I sent in a handful of conversation clips and one-liners over the summer when I started walking a different set of streets in Chelsea and Greenwich Village almost every night after work and spent a lot of time exploring new Brooklyn neighborhoods on my own. The city kept me company and I didn’t use my iPod or my cell quite as much (yeah, the batteries kept dying.)

I had pretty much given up on seeing any of those quotes in “print” when I got an e-mail from Overheard at the beginning of last week: “The quote you submitted . . . Look for it on the site!” I was so excited to type the URL and scroll down, skimming for my name, wondering which one, which one?

Five-year-old: Ella, ella, ella, ella, ella, ella…
Suit dad: Alright, look! I don’t know what that means, but if it’s a bad word I want you to stop saying it!

–F train, 23rd St

I think it was one of the first quotes I submitted and not only was it posted on the site, the editors used it for the weekly headline contest. Nobody consulted me in regards to naming the winner, but I think the editors made the right choice.

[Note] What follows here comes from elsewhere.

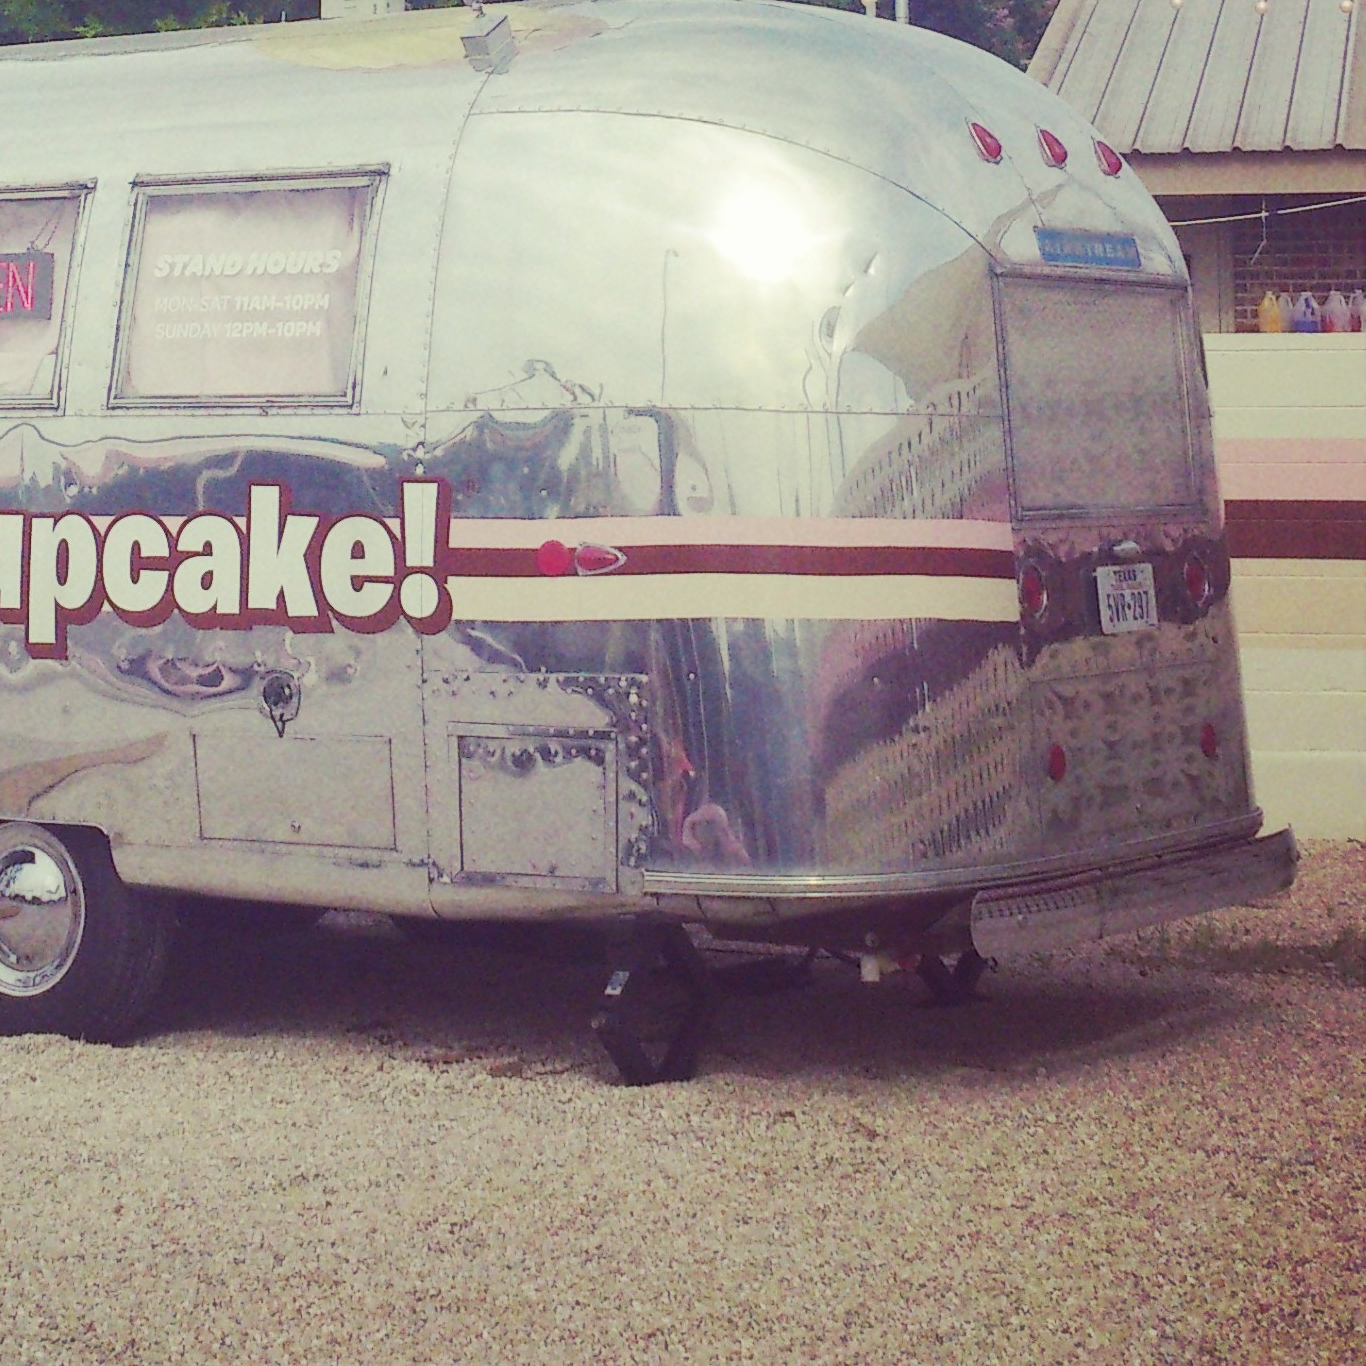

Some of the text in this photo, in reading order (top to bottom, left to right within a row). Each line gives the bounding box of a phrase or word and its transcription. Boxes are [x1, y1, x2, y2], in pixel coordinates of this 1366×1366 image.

[153, 249, 342, 277] STAND HOURS
[154, 293, 331, 312] MON-SAT 11AM-10PM
[156, 320, 322, 339] SUNDAY 12PM-10PM
[1113, 569, 1137, 583] TEXAS

If overhearing is an art form, then this piece is a true collaboration. I’d like to thank Five-year-old for getting that song stuck in everybody’s head (Rihanna probably deserves props, too) and her Suit Dad and for projecting his frustration at such a high volume and Lou P. for his witty headline, even if he completely missed the pop music reference.

Swing

About a year ago I was living and studying in New Zealand, not blogging because internet was such a hassle and my laptop was fritzing, and this week specifically, I was in the middle of Spring Break Fall Holiday; a road trip around the South Island counter-clockwise, the same way water goes down the drain in lands down under.

One stop on this journey was Queenstown, popularly recognized as the adrenaline capital of the world. It is my personal opinion that whatever element puts the extreme into any X-treme sport was first divined in Queenstown soil. But I don’t usually hit the adrenaline too hard, so I tuned out when Anne read this in our Lonely Planet guide:

The new Shotover Canyon Swing is touted as the world’s highest rope swing (109m), where you jump from a cliff-mounted platform in a full body harness and take a wild swing across the canyon at 150km per hour.

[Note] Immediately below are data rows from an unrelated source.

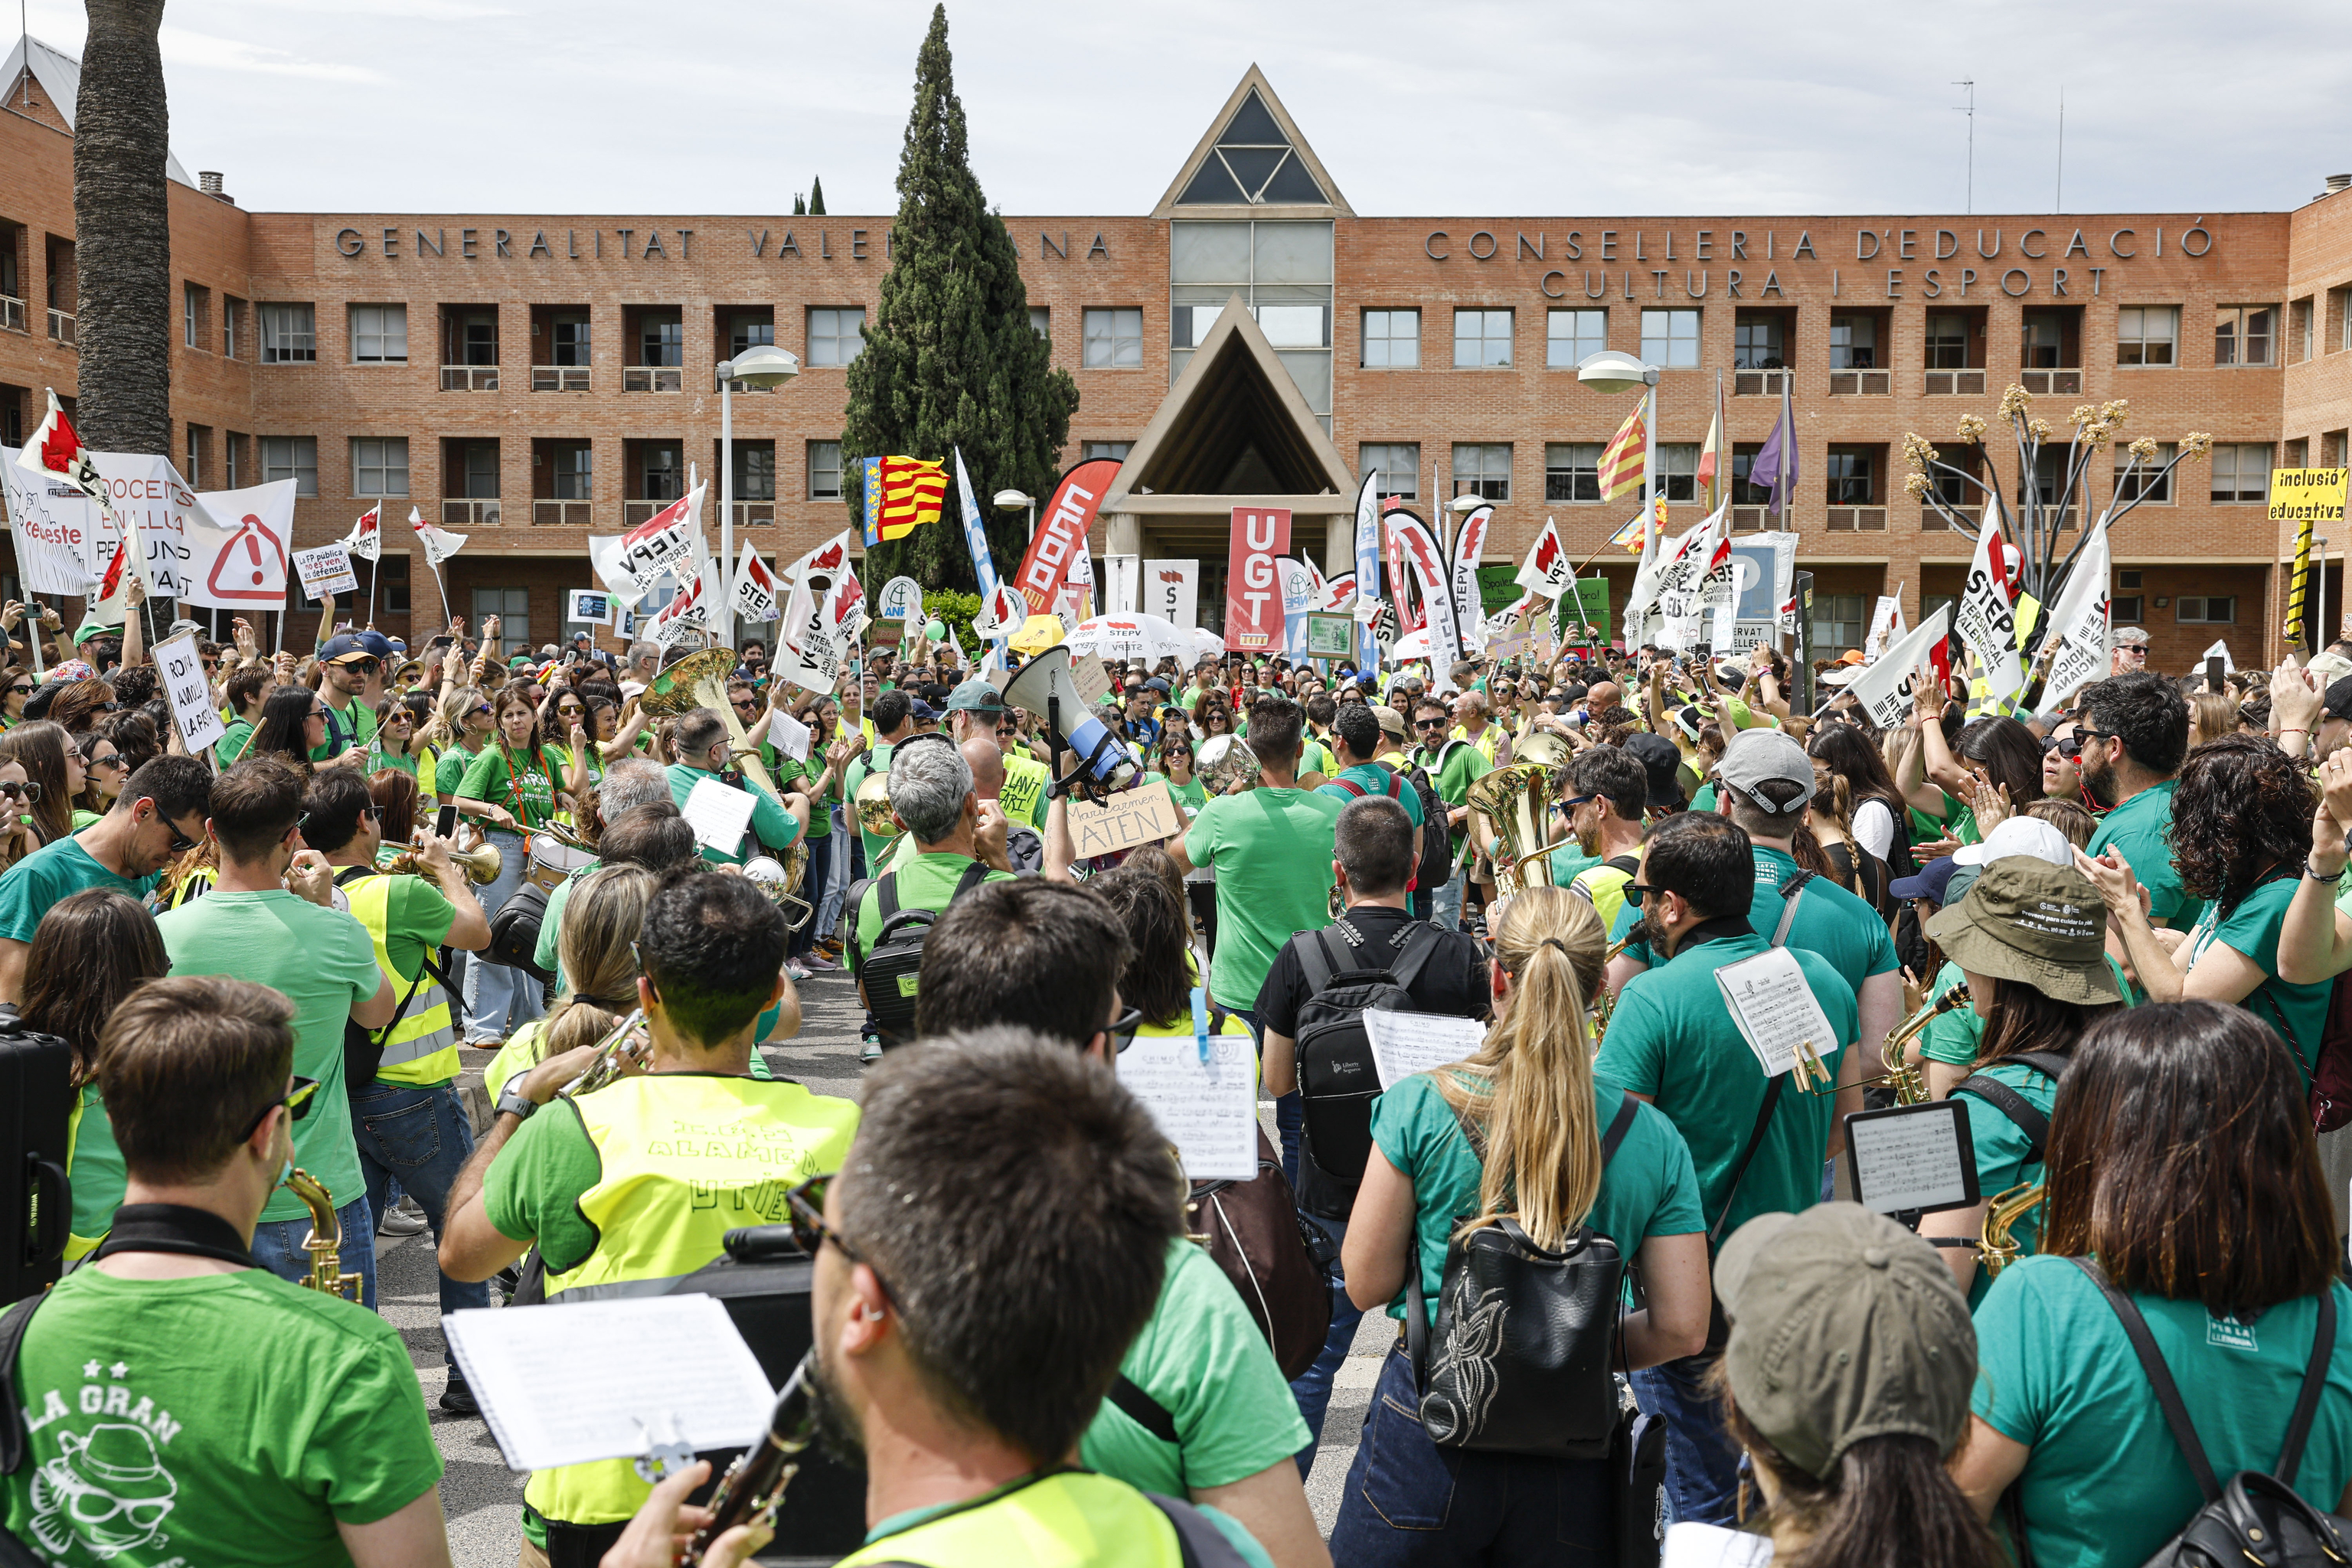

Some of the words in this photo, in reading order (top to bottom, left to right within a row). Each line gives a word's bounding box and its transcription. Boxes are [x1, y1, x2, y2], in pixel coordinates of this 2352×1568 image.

[335, 227, 693, 258] GENERALITAT
[747, 229, 1109, 259] VALENA
[1425, 230, 1817, 260] CONSELLERIA
[1857, 216, 2212, 260] D'EDUCACIÓ
[1540, 269, 1784, 299] CULTURA
[1887, 266, 2106, 298] ESPORT
[2280, 469, 2339, 487] inclusió
[2270, 501, 2344, 519] educativa
[1026, 483, 1093, 593] CCOO
[306, 554, 315, 564] FP
[316, 550, 343, 562] pública
[304, 571, 312, 580] es
[312, 563, 347, 578] defensa!
[1243, 514, 1276, 626] UGT
[1457, 565, 1468, 614] STEPV
[1580, 589, 1600, 600] bro!
[1966, 570, 2018, 653] STEPV
[1073, 630, 1096, 639] STEPV
[1733, 628, 1762, 636] ERVAT
[183, 717, 199, 738] LA
[1081, 806, 1162, 853] ATÉN
[2021, 910, 2046, 920] Prevenir
[2211, 1333, 2253, 1348] LLENGUA
[2234, 1327, 2250, 1338] LA
[21, 1388, 70, 1434] LA
[79, 1384, 183, 1446] GRAN

Everybody else made reservations before we even arrived in Queenstown. “Four for white-water rafting, just three for the canyon swing. It costs $30 just to watch your friends, so I figured I’d spend the morning wandering Queenstown and save my energy for an afternoon of rafting.

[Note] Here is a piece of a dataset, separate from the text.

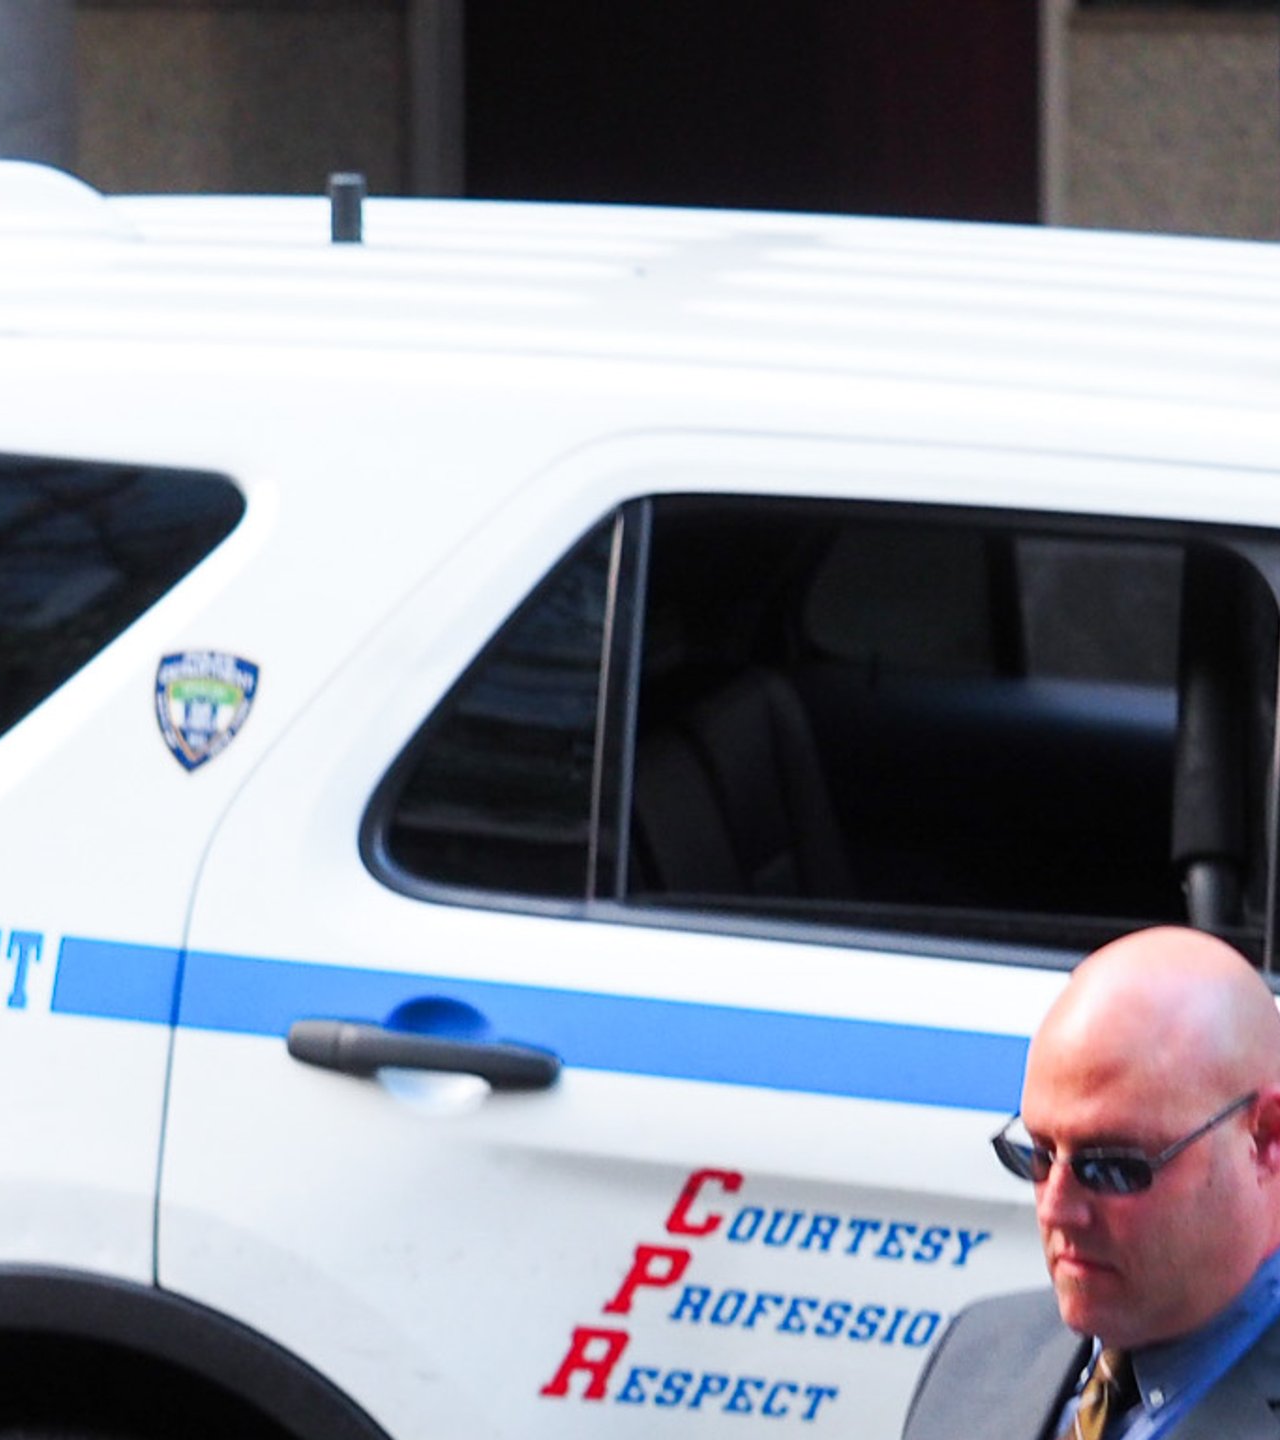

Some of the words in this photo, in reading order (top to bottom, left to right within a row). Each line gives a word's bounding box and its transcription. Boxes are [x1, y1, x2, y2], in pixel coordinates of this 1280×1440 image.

[664, 1167, 993, 1269] COURTESY
[603, 1243, 956, 1348] PROFESSIO
[540, 1326, 841, 1424] RESPECT

We arrived in Queenstown the night before and proceeded with our choreographed hostel-arrival ritual: grocery shopping and package store followed by cooking, eating, and showering, and sleeping tight. Except I was the only one who slept tight that night. The others lay awake, or had strange dreams, or slept fitfully with the Canyon Swing on their minds.

By morning, my travel buddies were staving off panic attacks and anxious nausea. I was quite chipper and having second thoughts about just how extreme I could be. If I’d decided to go for it ahead of time, I probably wouldn’t have made it to the jump because I would have given myself a heart attack just worrying about it the night before. But on a sunny morning in the adrenaline capital of the world, I found myself at the counter asking to add another person to the Canyon Swing list.

And an hour or two later, I was barefoot, strapped into that full-body harness, loathing the tears welling up in my eyes…and then willing myself to step off the platform.

You know how people always say, “What a rush?” What a rush. My pony-tail was swept across my face, my hiking pants billowed with cool air, I swayed between the jagged, steady walls of the canyon and fell in love with white goats grazing on the slope. Those 2 1/2 minutes were probably the most rapturous and satisfying of my whole two weeks on the South Island. The nearly 200-foot freefall felt like bravery, the 650-foot arc felt like grace, and the breeze between my toes felt like freedom.

I was furious at myself for being so scared to begin with. But in that moment, I knew I was going to make it through.